What you have to do: Restate all of the entries exactly. Any picture in them should be skipped.

(Spatial localization data)
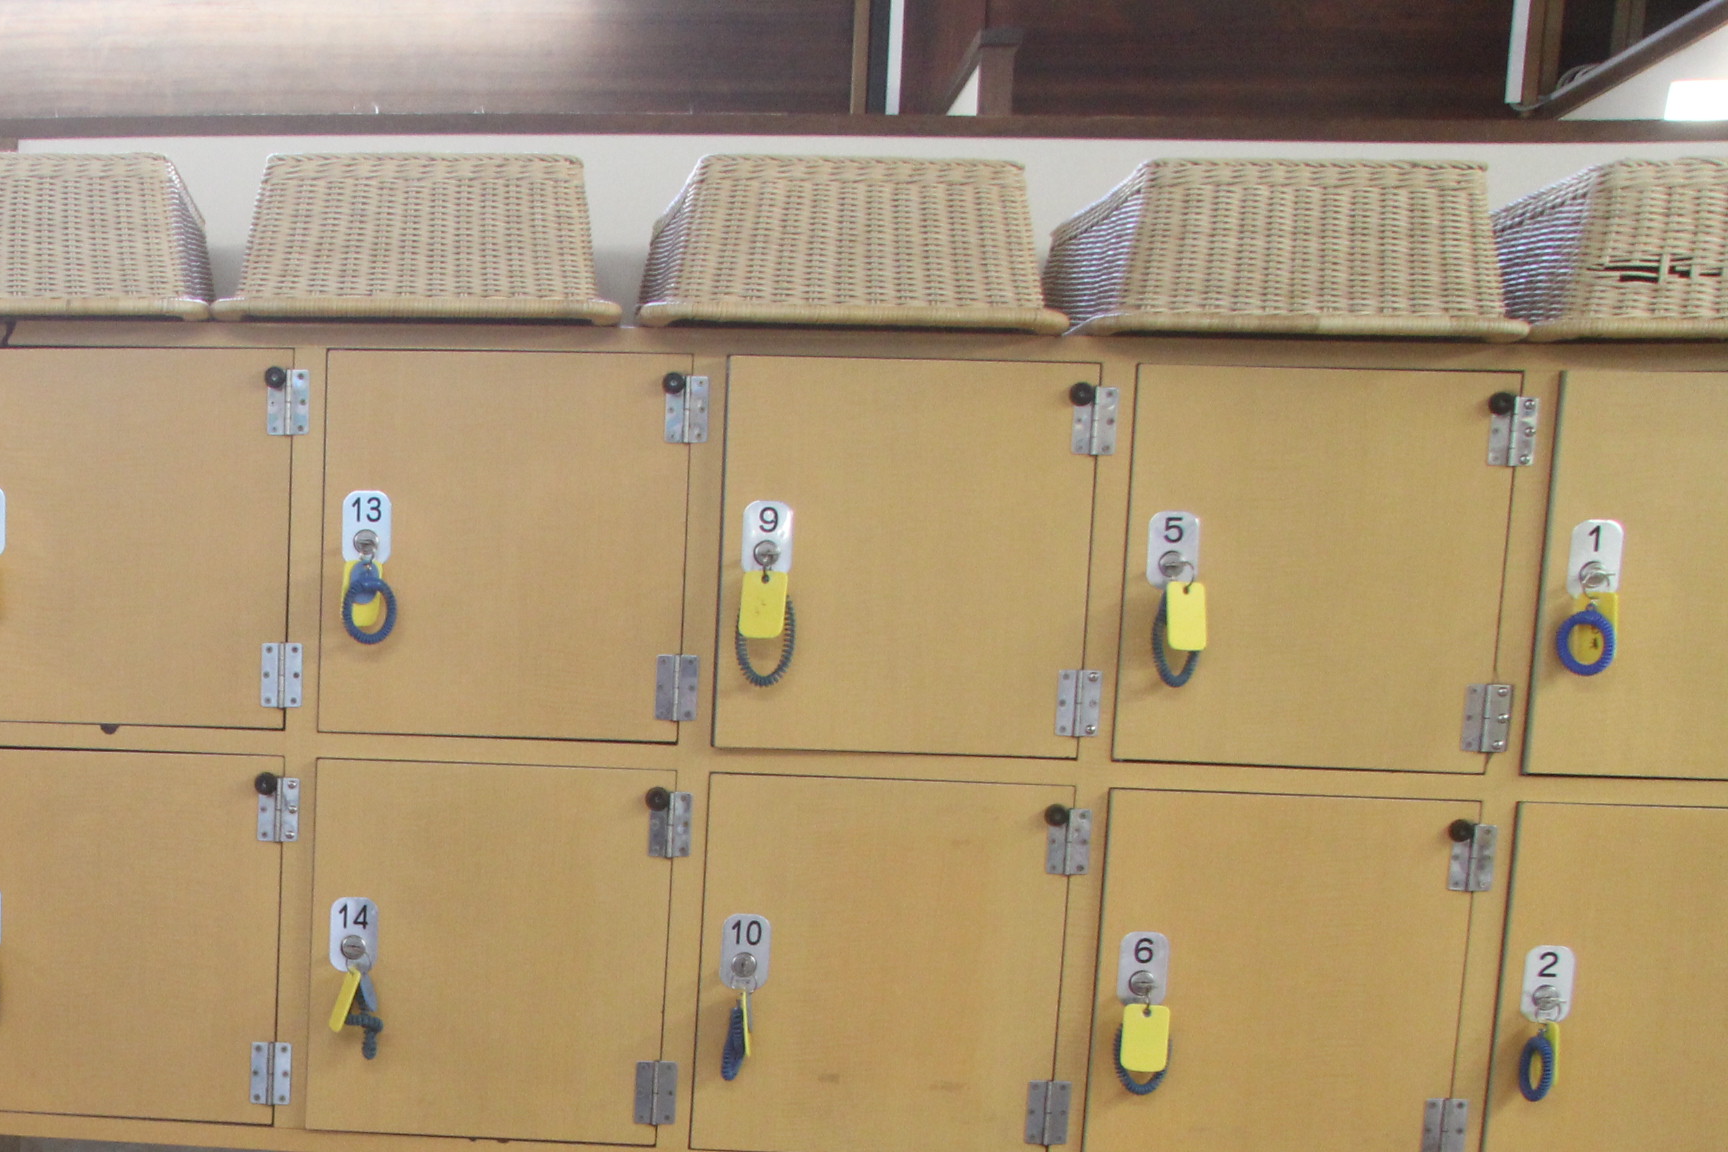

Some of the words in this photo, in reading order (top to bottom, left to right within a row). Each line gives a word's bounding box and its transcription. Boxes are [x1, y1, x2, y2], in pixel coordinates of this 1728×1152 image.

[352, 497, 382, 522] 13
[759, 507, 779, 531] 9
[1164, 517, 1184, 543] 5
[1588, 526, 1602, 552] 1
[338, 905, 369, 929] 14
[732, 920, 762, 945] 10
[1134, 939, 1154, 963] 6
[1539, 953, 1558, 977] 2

Completed exercise:
Some of the words in this photo, in reading order (top to bottom, left to right within a row). Each line gives a word's bounding box and its transcription. Boxes are [x1, y1, x2, y2], in pixel coordinates of this 1728×1152 image.

[352, 497, 382, 522] 13
[759, 507, 779, 531] 9
[1164, 517, 1184, 543] 5
[1588, 526, 1602, 552] 1
[338, 905, 369, 929] 14
[732, 920, 762, 945] 10
[1134, 939, 1154, 963] 6
[1539, 953, 1558, 977] 2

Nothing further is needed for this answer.